With the fireworks season in full swing, Indiana citizens and retailers are being reminded of a new state law governing the use and sale of fireworks. The Indiana Department of Homeland Security (IDHS) Fire & Building Safety division urges Hoosiers to play it safe when using fireworks this summer.

In 2006, an estimated 9,200 people were injured by fireworks in the United States and had to be treated in a hospital emergency room according to the National Fire Protection Association (NFPA).

“When handled by professionals, a fireworks show may look easy, but each year they cause injury, death and property damage because of misuse and accidents,” said Jim Greeson, State Fire Marshal.

In March of 2006, Governor Mitch Daniels signed a new law that will help fund important public safety programs around the state, such as firefighter training, through the collection of a 5-percent safety fee on the sale of all fireworks. The law also includes requirements regarding where and when consumers can set off fireworks, as well as requirements for structures where fireworks are sold.

“Hoosiers need to remember that restrictions are in place regarding the use of fireworks, as well as the possible penalties for violators,” Greeson added. “We want to stress the personal responsibility of each fireworks consumer. Obey our laws, follow directions for safe use and apply common sense.”


Fireworks law provisions:

• Fireworks may be used only on the user’s property; or on the property of someone who has consented to the use of fireworks; or at a special discharge location.

• Fireworks can be purchased only by persons 18 years of age or older and children may possess or use any kind of firework only when an adult is present.

• Penalties for violating the fireworks law can range from a Class A misdemeanor up to a Class C felony in the case of the reckless or intentional use of fireworks that results in a person’s death.

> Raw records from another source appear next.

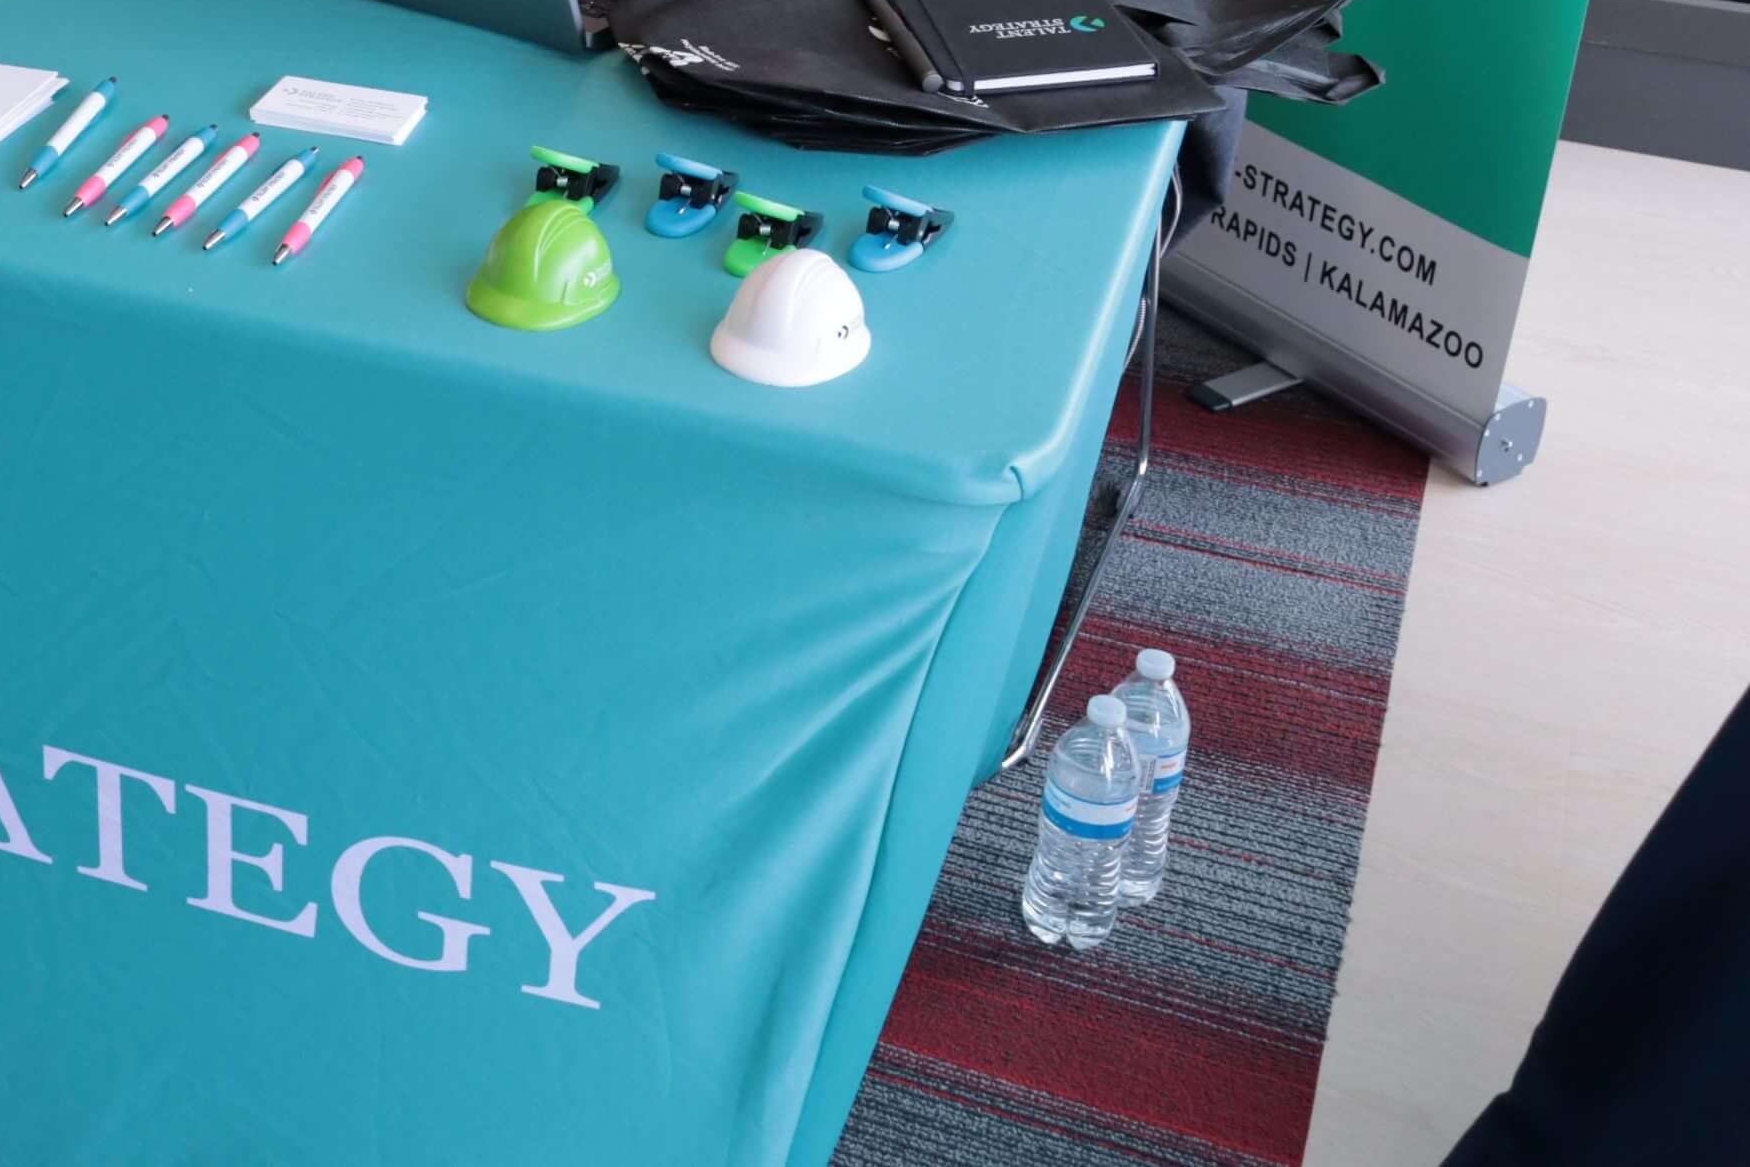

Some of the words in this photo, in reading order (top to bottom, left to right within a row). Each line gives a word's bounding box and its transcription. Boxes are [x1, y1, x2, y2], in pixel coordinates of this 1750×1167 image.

[969, 18, 1065, 34] STRATEGY
[996, 26, 1072, 40] TALENT
[1235, 163, 1438, 286] -STRATEGY.COM
[1210, 205, 1297, 267] RAPIDS
[1320, 260, 1484, 369] KALAMAZOO

• On Memorial Day, the 4th of July, Labor Day and New Year’s Eve, fireworks may be discharged from 9 a.m. to midnight. Any other day of the year fireworks may be discharged from 9 a.m. to 11 p.m. Local laws may further affect fireworks use.


U.S. Consumer Product Safety Commission data shows that in 2006, approximately 1,300 people were injured by fireworks. In addition, approximately 1,000 people were injured by sparklers and 800 by bottle rockets.

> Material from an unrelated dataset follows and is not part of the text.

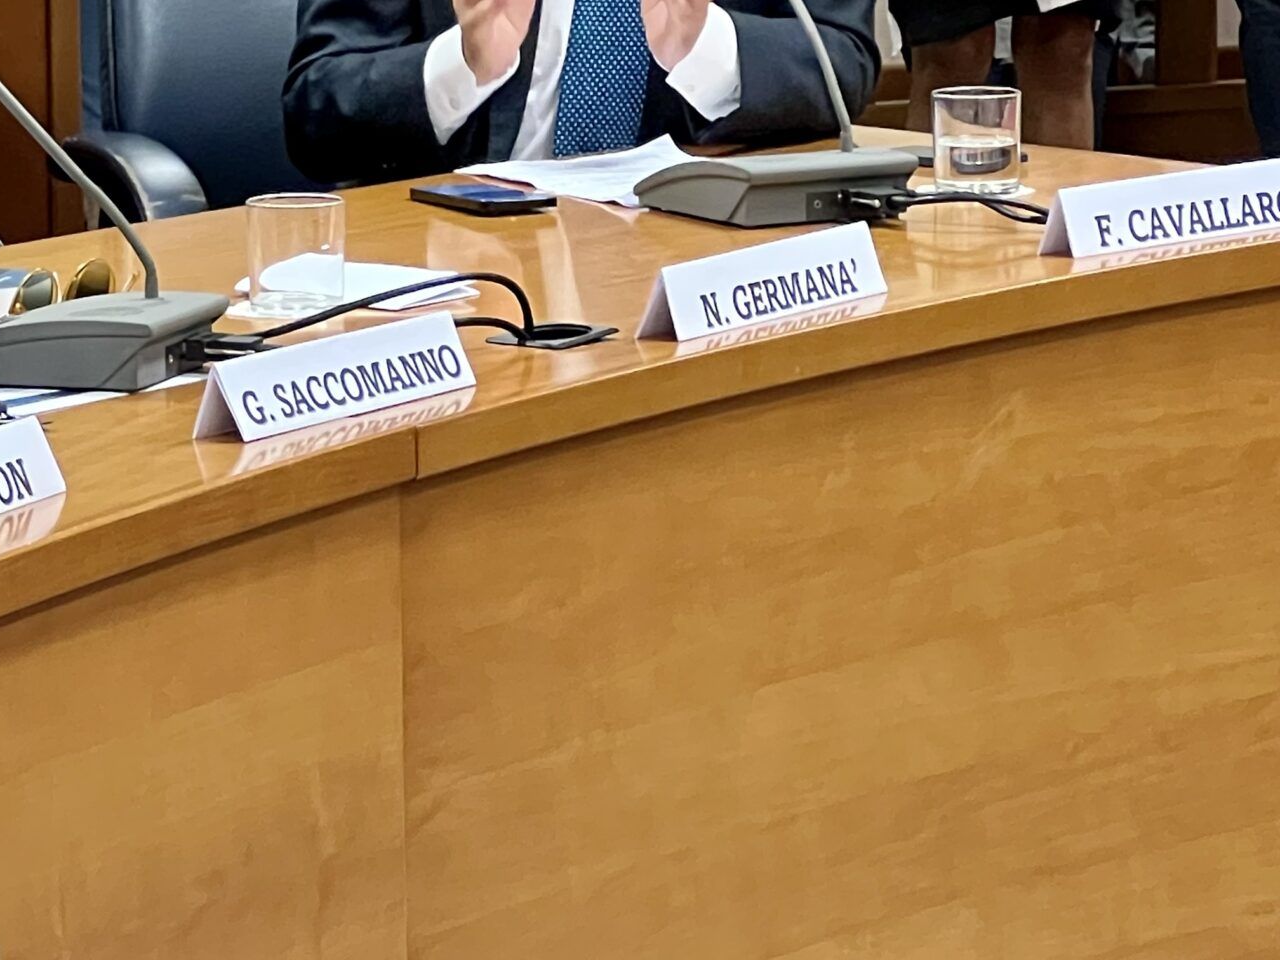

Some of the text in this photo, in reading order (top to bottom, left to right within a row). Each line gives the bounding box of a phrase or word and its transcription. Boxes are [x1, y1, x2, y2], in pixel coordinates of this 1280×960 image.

[1094, 214, 1124, 247] F.
[700, 291, 731, 329] N.
[732, 257, 859, 321] GERMANA'
[242, 344, 462, 426] G. SACCOMANNO

The IDHS Fire & Building Safety Division recommends Hoosiers check the fireworks they purchase to ensure they contain the following information:

• Class “C”

• Consumer Fireworks

• 1.4 g

“If you find a package that you cannot read because it is in a foreign language, it says Class ‘B’ fireworks, or 1.3 g, we strongly encourage you to call the CPSC hotline (800-638-2772),” Greeson added.


Facts (According NFPA statistics)

• Approximately 95-percent of all fireworks are produced in China.

• In 2006, 49% of emergency room fireworks-related injuries were to the extremities and 46% were to the head.

• 55% of the 2006 fireworks injuries were burns, while 30% were contusions and lacerations.

• One-third of the people injured by fireworks were under the age of 15.

• The risk of fireworks injury was two-and-a-half times as high for children ages 10-14 as for the general population.

• Sparklers, fountains, and novelties alone accounted for 28% of the emergency room fireworks injuries in 2006.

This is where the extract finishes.